The De Neve Flex Bar: Shifting from Animal-based to Plant-based Protein

The De Neve Flex Bar is at the forefront of the UCLA Dining Services’ new initiative of moving from animal to plant-based proteins. The triangle-shaped Flex Bar at De Neve Dining commons opened at the beginning of UCLA’s academic winter quarter in 2017 and its popularity has continuously grown. Peter Angelis, Assistant Vice Chancellor of UCLA Housing & Hospitality Center, came up with this idea about a year ago and with the help of Al Ferrone, Senior Director of UCLA Food and Beverage, and the rest of the Healthy Campus Initiative Team, the project has been implemented and has already seen much success. All of the dishes, over 12 different salads in total, have plant-based proteins as the main ingredient with animal-based proteins as the “condiment.”

The De Neve Flex Bar. Photo by Phillip Cox.

De Neve dining commons has long been thought of as the “classic dining hall,” serving American foods such as hamburgers, hot dogs, and pizza every day of the week. The goal of the Flex Bar as Dr. Cowgill, of the Department of Health Policy and Management, says is to “ultimately make the healthy option the default option.” Having tried the new Flex Bar at De Neve a few weeks ago, I found all the different salads delicious and refreshing, and was left wanting more! Just reading the names peaked my interest: “Charred Cruciferous Salad with Cotija & Almonds,” or “Ecuadorian Chicken & Vegetable Pasta Salad,” or “Kale, Spicy Lentil, Quinoa, Date & Almond Salad.” I found myself getting full from many of these different salads and not having to go for that extra slice of pizza or that unneeded hamburger.

Some of the salads offered at the De Neve Flex Bar. Photo by Philip Cox.

It is these salads that I would normally find myself ordering at a nice restaurant out in Los Angeles, but to think that I could just get it on campus in a dining hall really attests to why UCLA has some of the best college dining hall foods in the United States.


UCLA Dining is not just simply providing food for hungry students, they are constantly looking for ways to implement healthier foods that students actually like. For example, Mr. Ferrone mentioned how a significant portion of the high salt and high sodium content in De Neve was removed without sacrificing taste or interest from the student’s perspective. However, like any scientific experiment, we need evidence to prove whether these types of changes in UCLA Dining are having an impact. Through UCLA Healthy Campus Initiative’s Research Well Pod, Dr. May Wang of the Department of Community Health Sciences, Dr. Burt Cowgill, and many graduate students are the hidden data detectives of this initiative, helping us discover whether the Flex Bar is having an impact. With their help, we will soon be able to tell if this idea is generally changing student’s protein consumption from animal-based to plant-based foods in De Neve.

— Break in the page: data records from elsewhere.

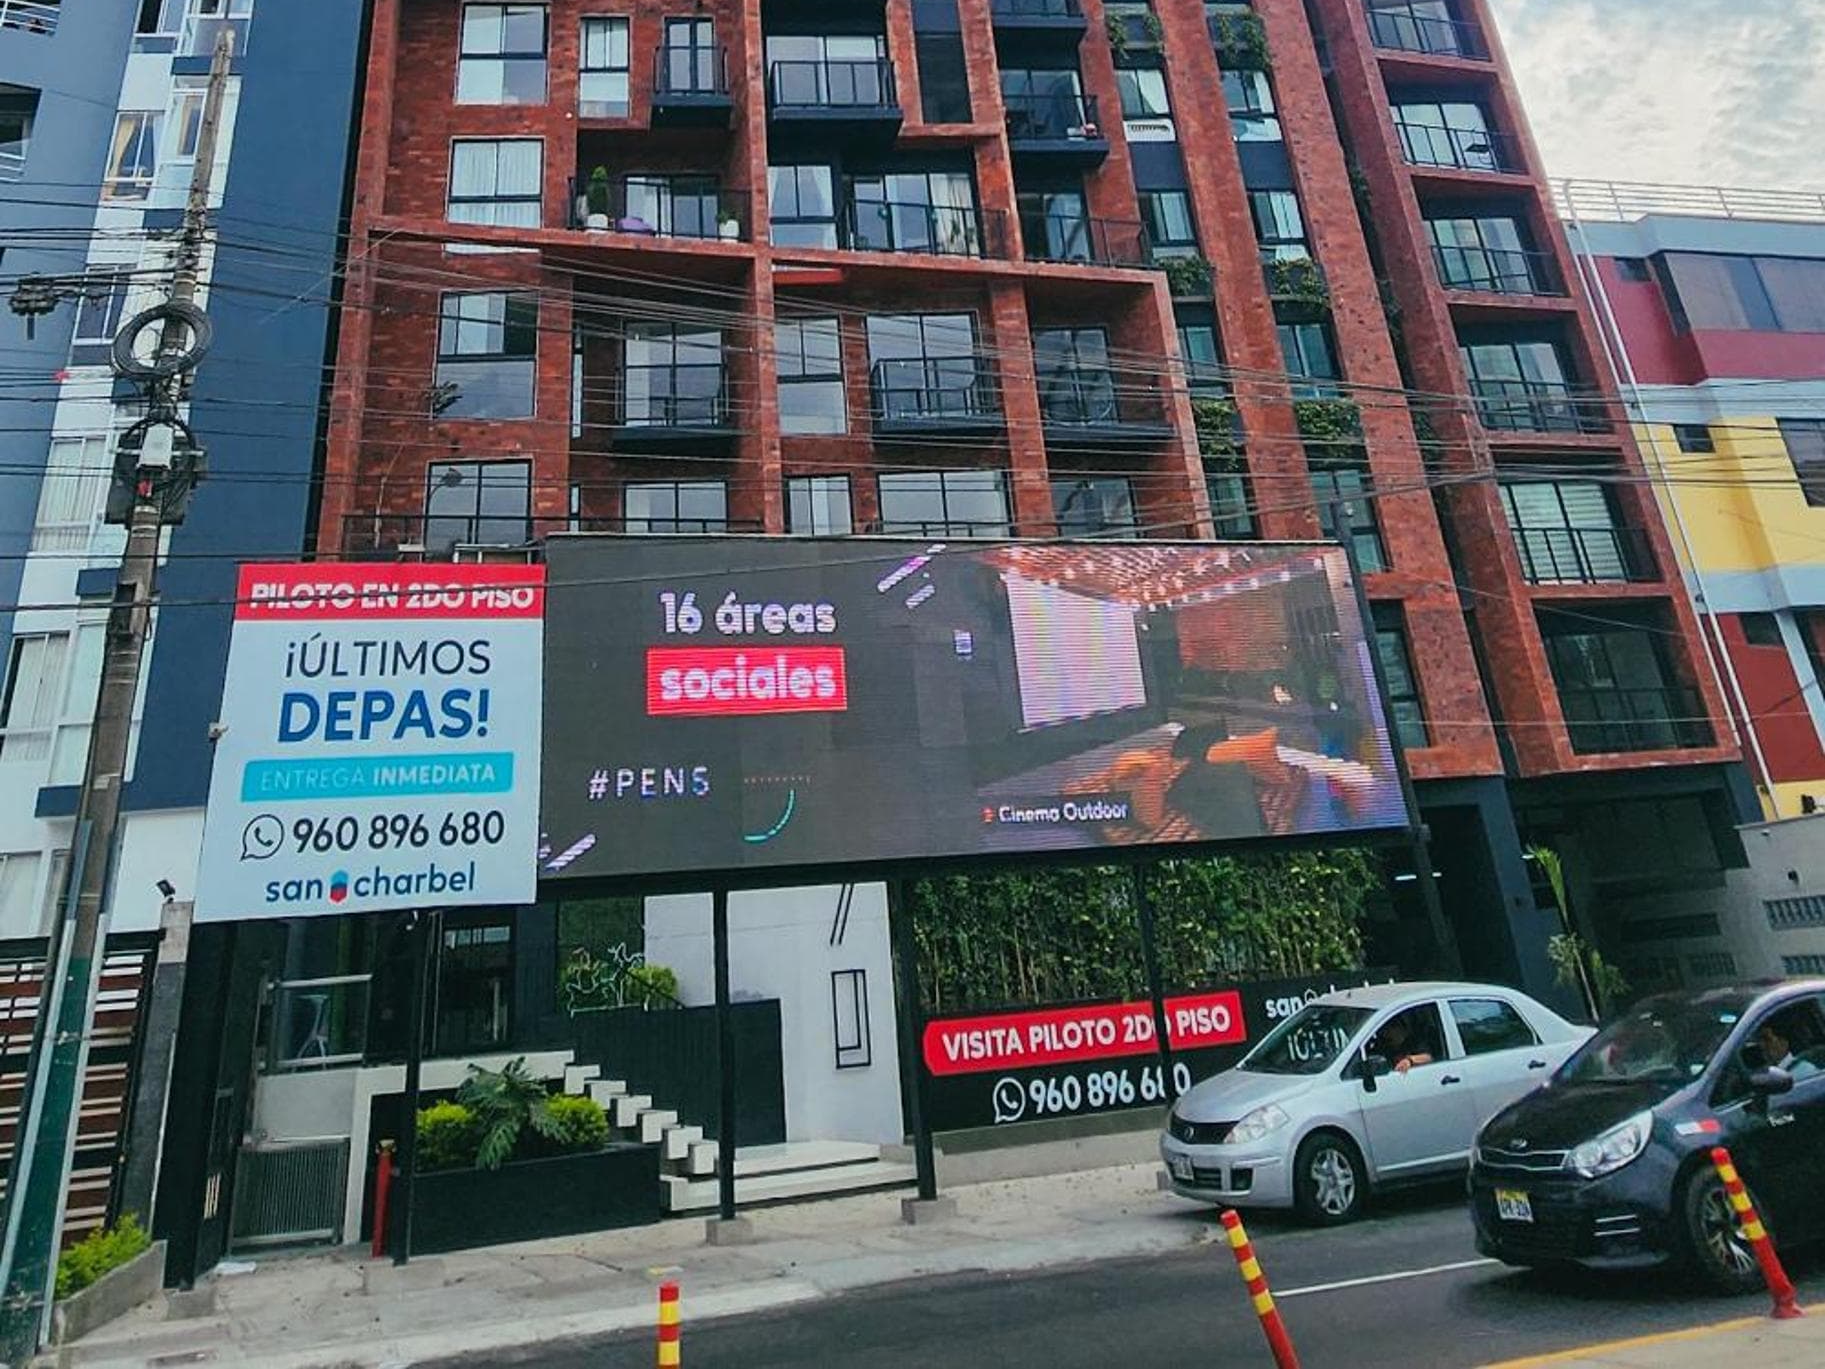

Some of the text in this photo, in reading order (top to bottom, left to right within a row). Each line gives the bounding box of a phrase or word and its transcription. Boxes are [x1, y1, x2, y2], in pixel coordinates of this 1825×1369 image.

[250, 583, 535, 609] PILOTO EN 2DO PISO
[659, 591, 837, 635] 16 áreas
[285, 632, 491, 677] ¡ÚLTIMOS
[659, 654, 837, 701] sociales
[277, 687, 490, 742] DEPAS!
[261, 762, 496, 792] ENTREGA INMEDIATA
[292, 810, 505, 853] 960 896 680
[998, 800, 1129, 823] Cinema Outdoor
[265, 861, 476, 903] san charbel
[1264, 996, 1304, 1019] san
[942, 1028, 1025, 1062] VISITA
[1029, 1018, 1116, 1053] PILOTO
[1175, 1005, 1231, 1038] PISO
[1028, 1075, 1082, 1114] 960
[1086, 1069, 1136, 1108] 896
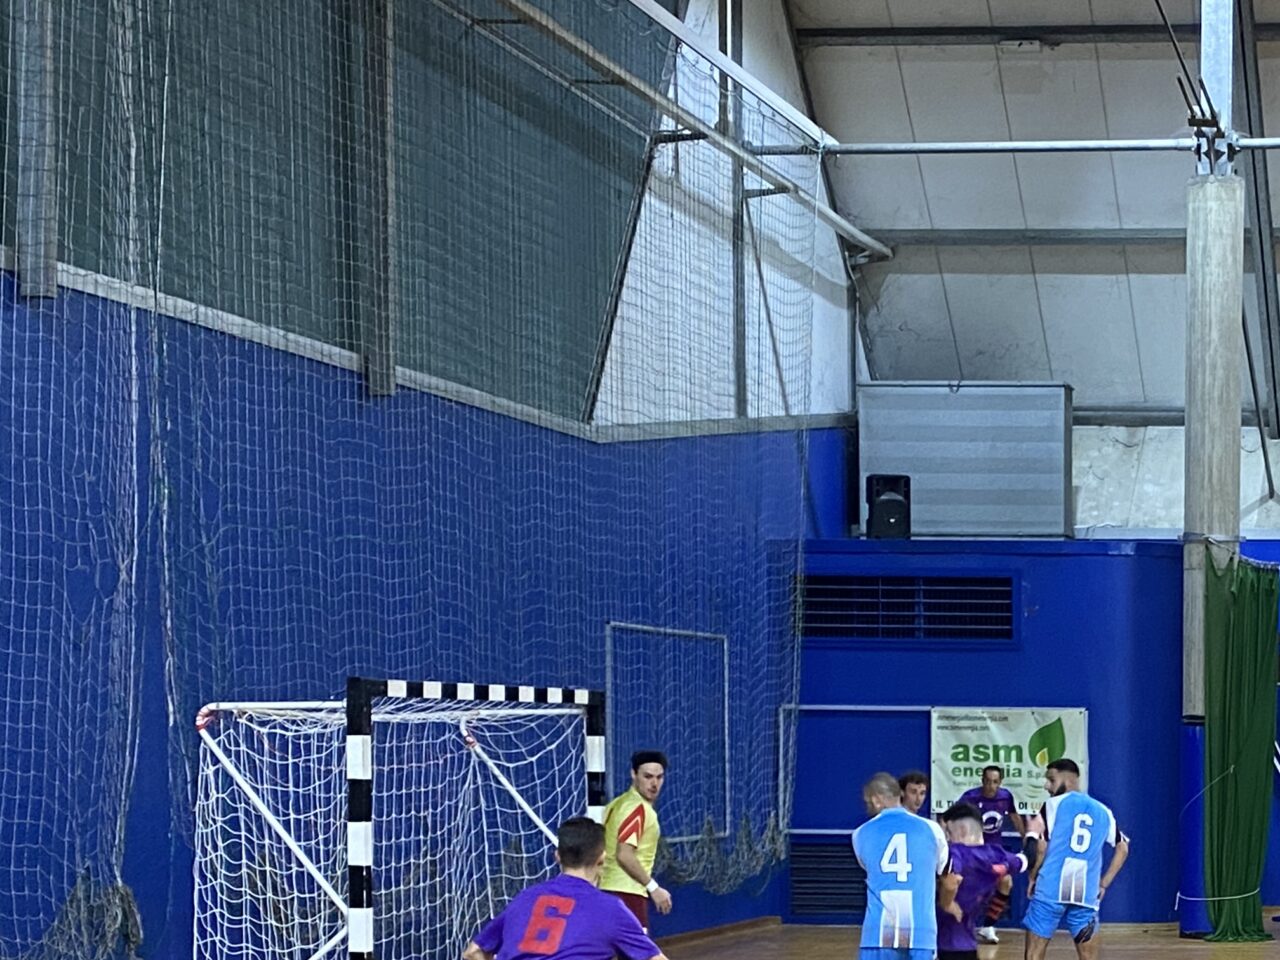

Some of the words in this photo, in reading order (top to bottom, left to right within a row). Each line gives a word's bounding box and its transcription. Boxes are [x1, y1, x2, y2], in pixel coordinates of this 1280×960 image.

[951, 743, 1023, 763] asm
[1018, 801, 1028, 810] DI
[1070, 813, 1094, 853] 6
[880, 833, 912, 882] 4
[518, 895, 576, 955] 6

Categorizing De Neve’s dining menu into meat and plant based-proteins was a necessary first step to allow them to analyze changing consumption. An initial survey of almost 500 students, using a food questionnaire designed by public health graduate students, was then issued to gather information on a variety of different student consumption patterns, including how students were consuming protein and specifically how much came from animals versus plants. Dr. Wang and a few graduate students were also able to recruit excited undergraduate students to assist with gathering additional data using a 3-day food diary to validate the food questionnaire. This aspect of the study adds rigor to the research methods used to gain insights into protein consumption patterns among students.

After a few months of the Flex Bar being implemented, the goal is to collect a follow up survey that will allow them to compare their baseline survey and food study data. The hope from this initiative is to see an increase in the acceptability factor (i.e. popularity) and ‘take rate’ of Flex Bar salads. Looking at the purchasing/consumption in 2016 and comparing it to 2017 patterns, the expectation is to see a shift in the purchasing patterns from animal-based to more plant-based proteins like legumes, quinoa, and broccoli for example. Who knows, maybe this type of salad bar will eventually be implemented in the other dining halls!

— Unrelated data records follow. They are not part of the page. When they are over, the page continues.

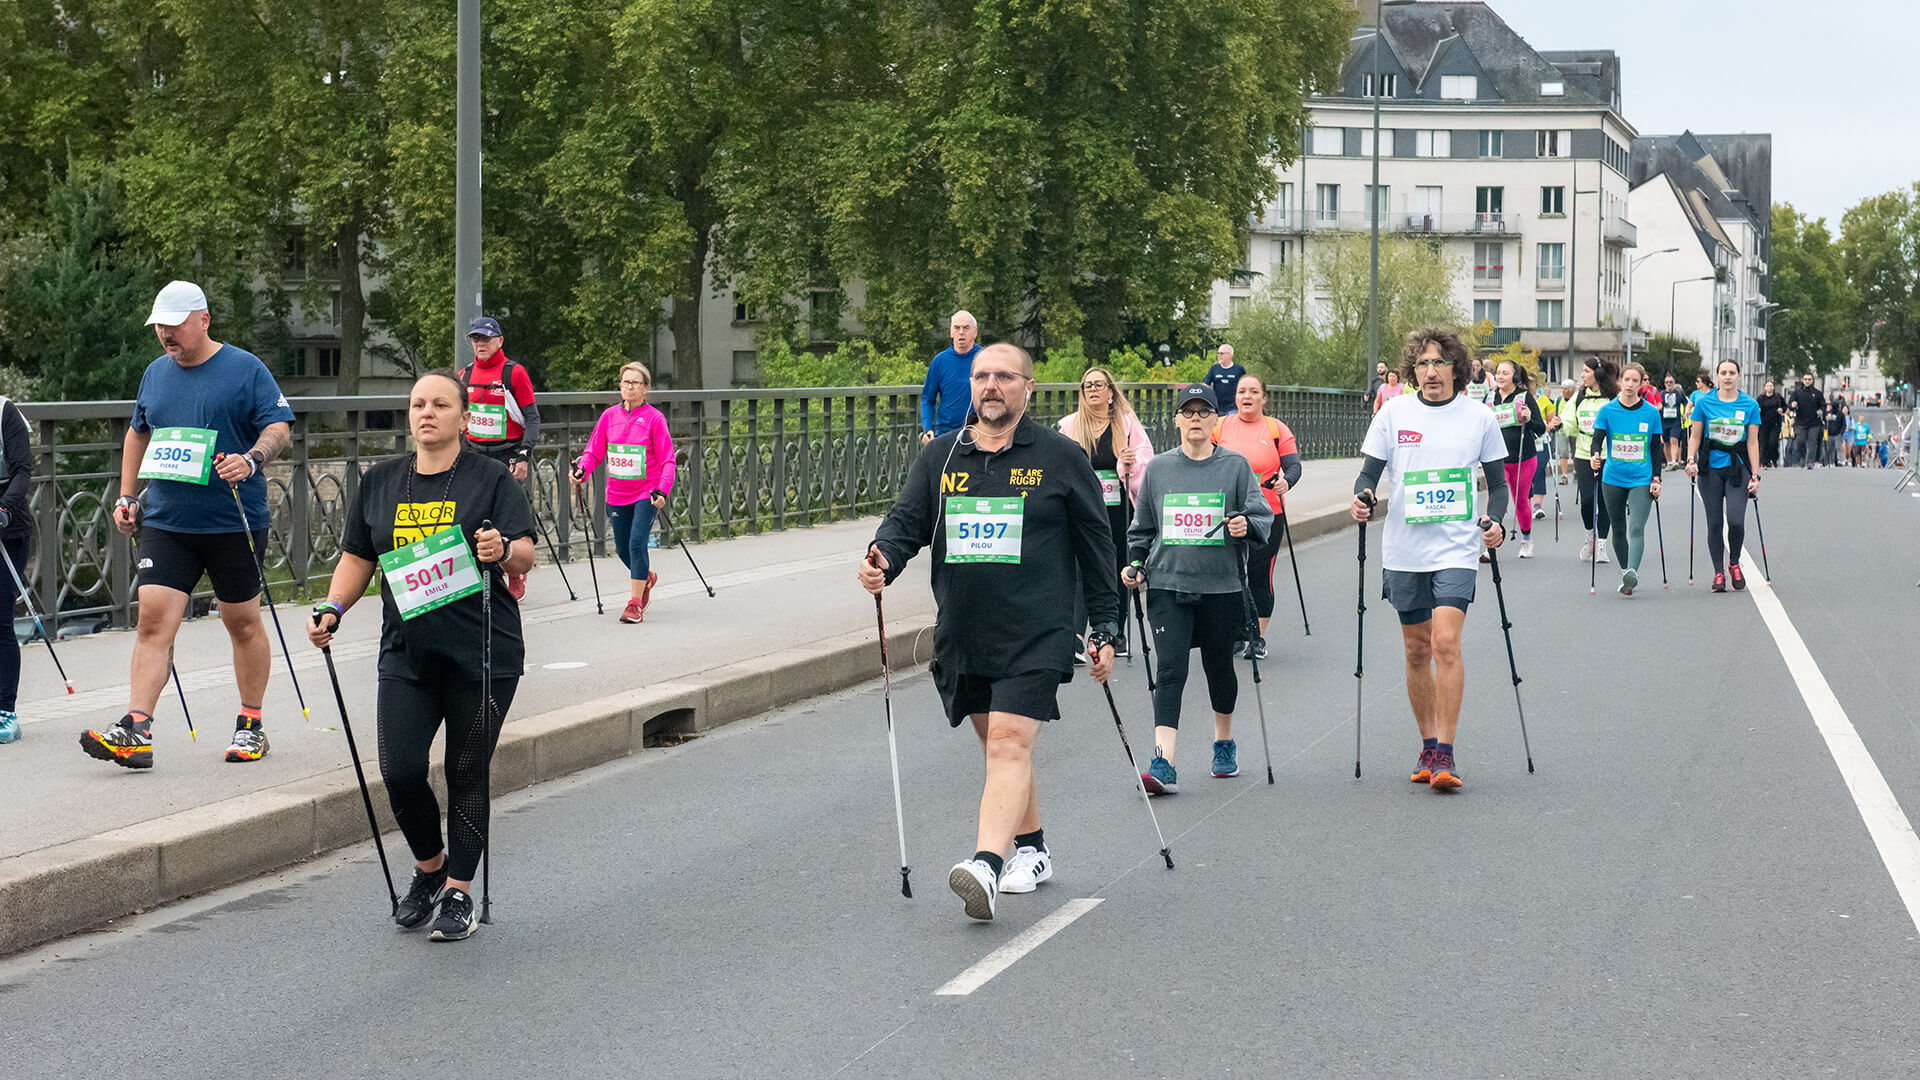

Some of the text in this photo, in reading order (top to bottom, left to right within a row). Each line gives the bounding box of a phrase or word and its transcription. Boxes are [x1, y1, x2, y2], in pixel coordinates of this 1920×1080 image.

[471, 416, 494, 427] 5383
[1400, 434, 1421, 443] SNCF
[1715, 427, 1737, 436] 5124
[153, 447, 192, 462] 5305
[1616, 444, 1639, 453] 5123
[610, 457, 633, 468] 5384
[1010, 468, 1043, 477] WE ARE
[942, 472, 970, 493] NZ
[1009, 476, 1041, 487] RUGBY
[1416, 489, 1455, 504] 5192
[397, 506, 454, 521] COLOR
[1174, 513, 1212, 527] 5081
[959, 522, 1008, 539] 5197
[405, 557, 454, 592] 5017
[424, 581, 450, 597] EMILIE

Mr. Ferrone mentions that the idea of a triangular salad bar is important because “it never ends” and ideally “students will fill their plates and won’t need to get other food.” (I can personally confirm this). It is this never ending salad bar that reminds me of our continual and everlasting pursuit towards healthier eating. There is always something that we can do to make our lifestyles healthier and I think the first step that we all can take is to go try the new Flex Bar at De Neve dining hall.

Phillip Cox is a 4th year Bioengineering major and blogger for the Eat Well Pod within the Healthy Campus Initiative.